__Dataset entries__.
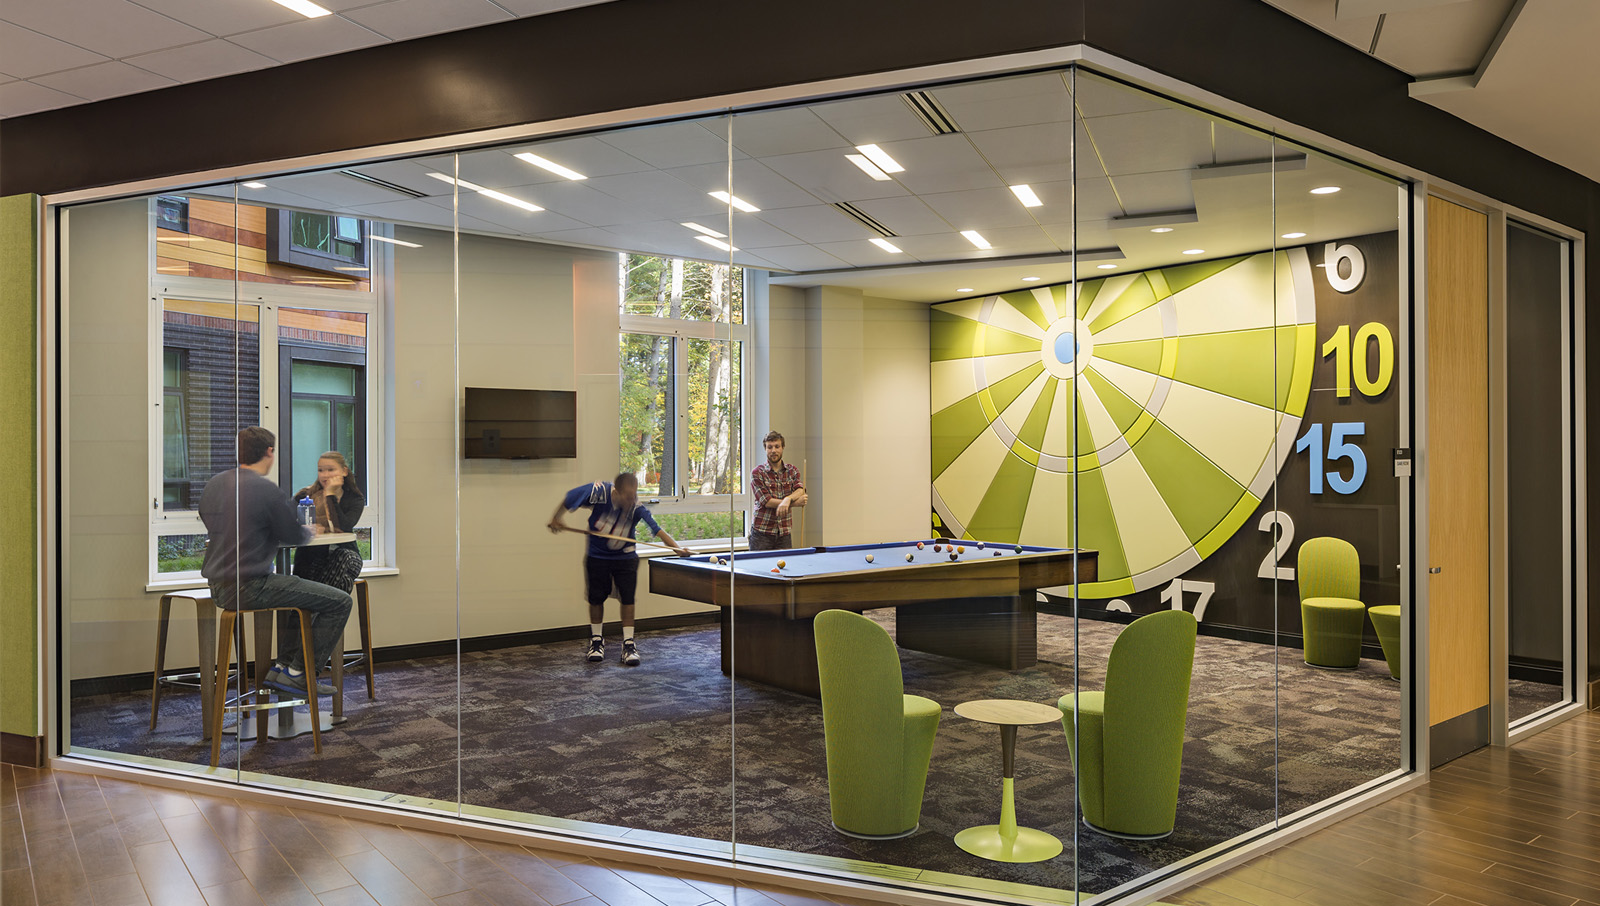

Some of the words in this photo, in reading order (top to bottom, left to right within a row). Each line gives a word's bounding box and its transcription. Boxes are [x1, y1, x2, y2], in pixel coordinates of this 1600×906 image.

[1324, 242, 1365, 293] 6
[1322, 321, 1394, 398] 10
[1296, 422, 1368, 495] 15
[1257, 510, 1296, 581] 2
[1160, 578, 1216, 623] 17
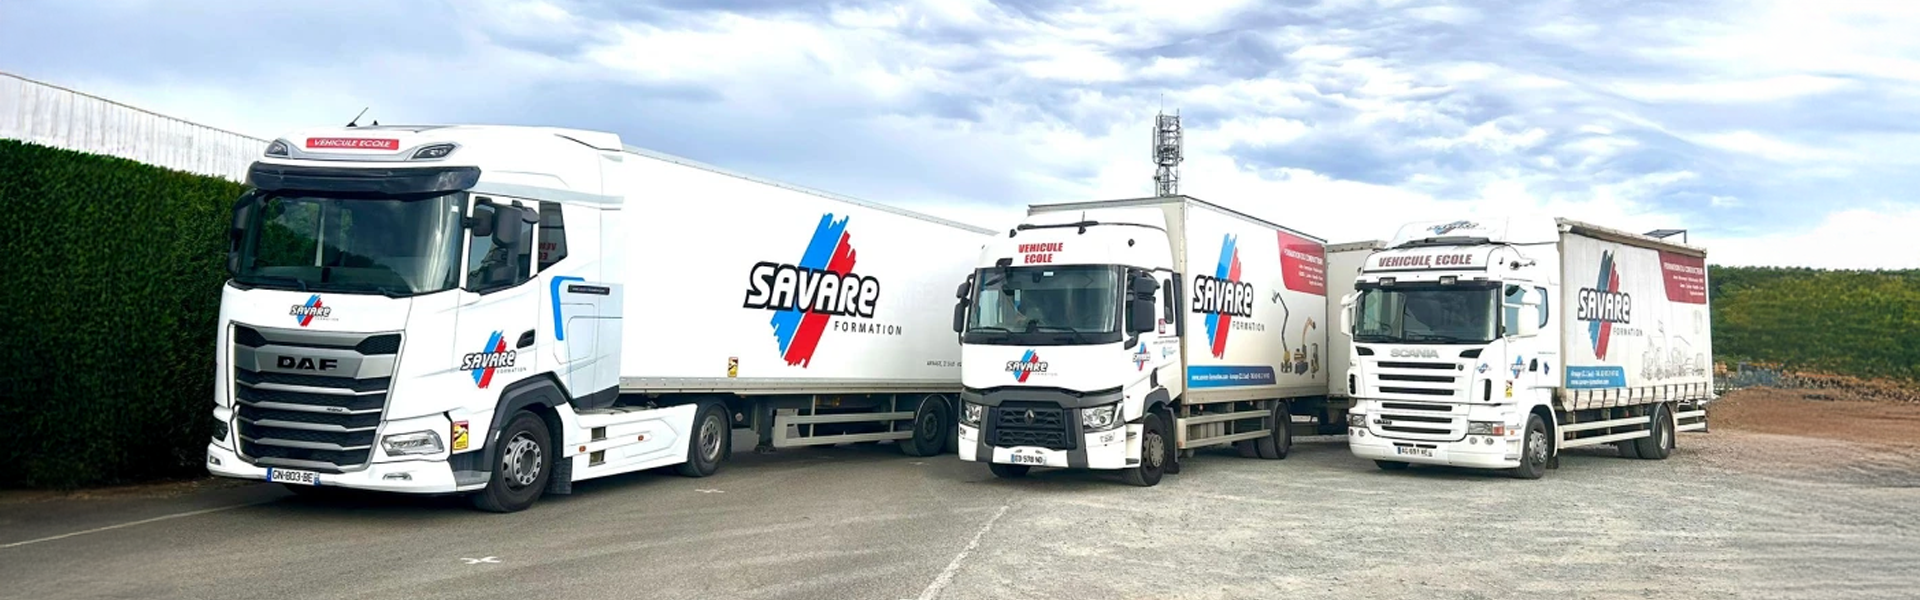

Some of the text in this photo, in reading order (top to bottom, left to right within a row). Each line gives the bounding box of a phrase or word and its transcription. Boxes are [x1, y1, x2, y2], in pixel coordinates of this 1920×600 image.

[314, 139, 391, 148] VEHICULE ECOLE
[1018, 243, 1063, 253] VEHICULE
[1024, 253, 1053, 264] ECOLE
[1378, 254, 1473, 267] VEHICULE ECOLE
[834, 320, 902, 336] FORMATION
[1390, 348, 1439, 359] SCANIA
[277, 355, 338, 371] DAF
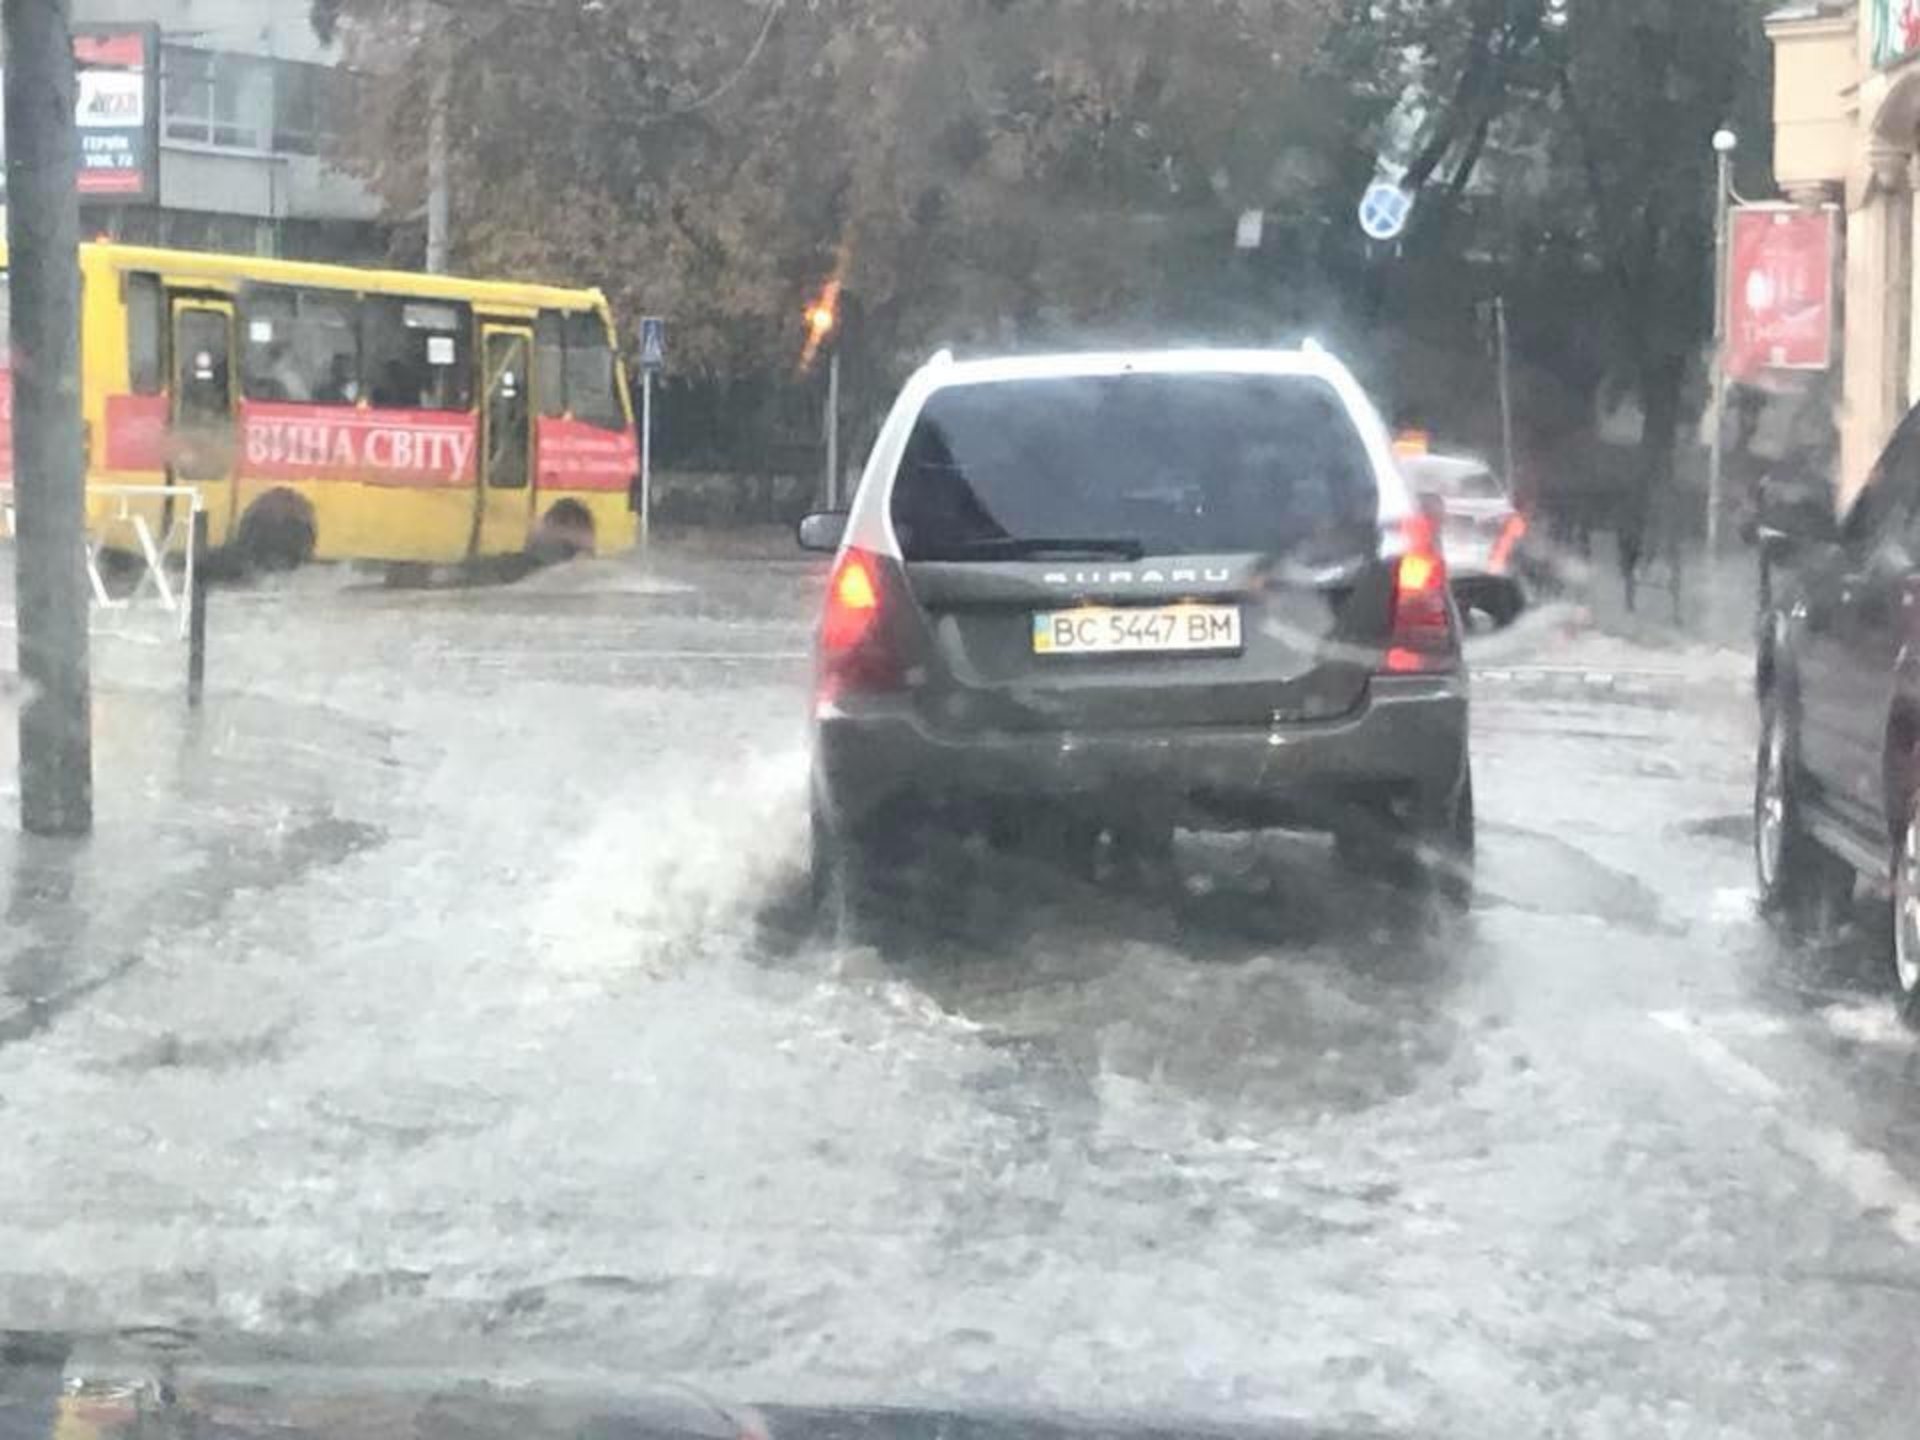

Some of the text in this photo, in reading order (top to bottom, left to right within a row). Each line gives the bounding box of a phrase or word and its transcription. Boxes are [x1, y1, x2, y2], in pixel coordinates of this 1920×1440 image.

[364, 430, 474, 480] СВІТУ
[1044, 568, 1229, 583] SUBARU
[1054, 613, 1232, 646] BC 5447 BM

__Assignment__. Set each line of the records down exactly, leaving every picture out.

__Exercise solution__.
Some of the words in this photo, in reading order (top to bottom, left to right within a row). Each line gives a word's bounding box and its transcription. Boxes are [x1, y1, x2, y2], in pixel coordinates of this 1600×906 image.

[1324, 242, 1365, 293] 6
[1322, 321, 1394, 398] 10
[1296, 422, 1368, 495] 15
[1257, 510, 1296, 581] 2
[1160, 578, 1216, 623] 17

Some of the text in this photo, in reading order (top to bottom, left to right within a row). Each line gives the bounding box of a phrase or word and its transcription. Boxes are [x1, y1, x2, y2], in pixel coordinates of this 1920×600 image.

[314, 139, 391, 148] VEHICULE ECOLE
[1018, 243, 1063, 253] VEHICULE
[1024, 253, 1053, 264] ECOLE
[1378, 254, 1473, 267] VEHICULE ECOLE
[834, 320, 902, 336] FORMATION
[1390, 348, 1439, 359] SCANIA
[277, 355, 338, 371] DAF

Some of the text in this photo, in reading order (top to bottom, left to right within a row). Each line gives the bounding box of a phrase or word and its transcription. Boxes are [x1, y1, x2, y2], in pixel coordinates of this 1920×1440 image.

[364, 430, 474, 480] СВІТУ
[1044, 568, 1229, 583] SUBARU
[1054, 613, 1232, 646] BC 5447 BM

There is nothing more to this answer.